[Exercise prompt] Word for word, restate the entries that follow.

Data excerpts
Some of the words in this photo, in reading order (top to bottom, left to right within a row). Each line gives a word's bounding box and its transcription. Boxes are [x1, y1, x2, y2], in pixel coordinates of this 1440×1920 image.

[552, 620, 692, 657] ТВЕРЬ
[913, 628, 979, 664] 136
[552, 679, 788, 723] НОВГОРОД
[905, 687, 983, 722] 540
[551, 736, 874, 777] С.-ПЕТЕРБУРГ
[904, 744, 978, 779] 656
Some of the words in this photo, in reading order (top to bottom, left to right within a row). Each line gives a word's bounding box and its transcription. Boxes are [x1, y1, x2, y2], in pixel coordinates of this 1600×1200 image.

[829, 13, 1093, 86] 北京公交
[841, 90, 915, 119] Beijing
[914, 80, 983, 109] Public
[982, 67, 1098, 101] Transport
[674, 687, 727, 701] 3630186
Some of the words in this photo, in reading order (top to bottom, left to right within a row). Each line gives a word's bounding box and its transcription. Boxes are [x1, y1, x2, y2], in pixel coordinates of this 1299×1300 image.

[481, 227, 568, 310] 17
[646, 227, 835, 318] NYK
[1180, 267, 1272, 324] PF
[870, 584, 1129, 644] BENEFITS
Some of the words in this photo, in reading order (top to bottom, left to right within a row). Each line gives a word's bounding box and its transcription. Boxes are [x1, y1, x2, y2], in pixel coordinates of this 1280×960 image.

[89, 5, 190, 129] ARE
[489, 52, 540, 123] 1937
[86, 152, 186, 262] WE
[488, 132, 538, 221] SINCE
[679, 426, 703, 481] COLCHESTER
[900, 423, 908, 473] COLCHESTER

[Solution to the problem]
Some of the words in this photo, in reading order (top to bottom, left to right within a row). Each line gives a word's bounding box and its transcription. Boxes are [x1, y1, x2, y2], in pixel coordinates of this 1440×1920 image.

[552, 620, 692, 657] ТВЕРЬ
[913, 628, 979, 664] 136
[552, 679, 788, 723] НОВГОРОД
[905, 687, 983, 722] 540
[551, 736, 874, 777] С.-ПЕТЕРБУРГ
[904, 744, 978, 779] 656
Some of the words in this photo, in reading order (top to bottom, left to right within a row). Each line gives a word's bounding box and its transcription. Boxes are [x1, y1, x2, y2], in pixel coordinates of this 1600×1200 image.

[829, 13, 1093, 86] 北京公交
[841, 90, 915, 119] Beijing
[914, 80, 983, 109] Public
[982, 67, 1098, 101] Transport
[674, 687, 727, 701] 3630186
Some of the words in this photo, in reading order (top to bottom, left to right within a row). Each line gives a word's bounding box and its transcription. Boxes are [x1, y1, x2, y2], in pixel coordinates of this 1299×1300 image.

[481, 227, 568, 310] 17
[646, 227, 835, 318] NYK
[1180, 267, 1272, 324] PF
[870, 584, 1129, 644] BENEFITS
Some of the words in this photo, in reading order (top to bottom, left to right within a row). Each line gives a word's bounding box and its transcription. Boxes are [x1, y1, x2, y2], in pixel coordinates of this 1280×960 image.

[89, 5, 190, 129] ARE
[489, 52, 540, 123] 1937
[86, 152, 186, 262] WE
[488, 132, 538, 221] SINCE
[679, 426, 703, 481] COLCHESTER
[900, 423, 908, 473] COLCHESTER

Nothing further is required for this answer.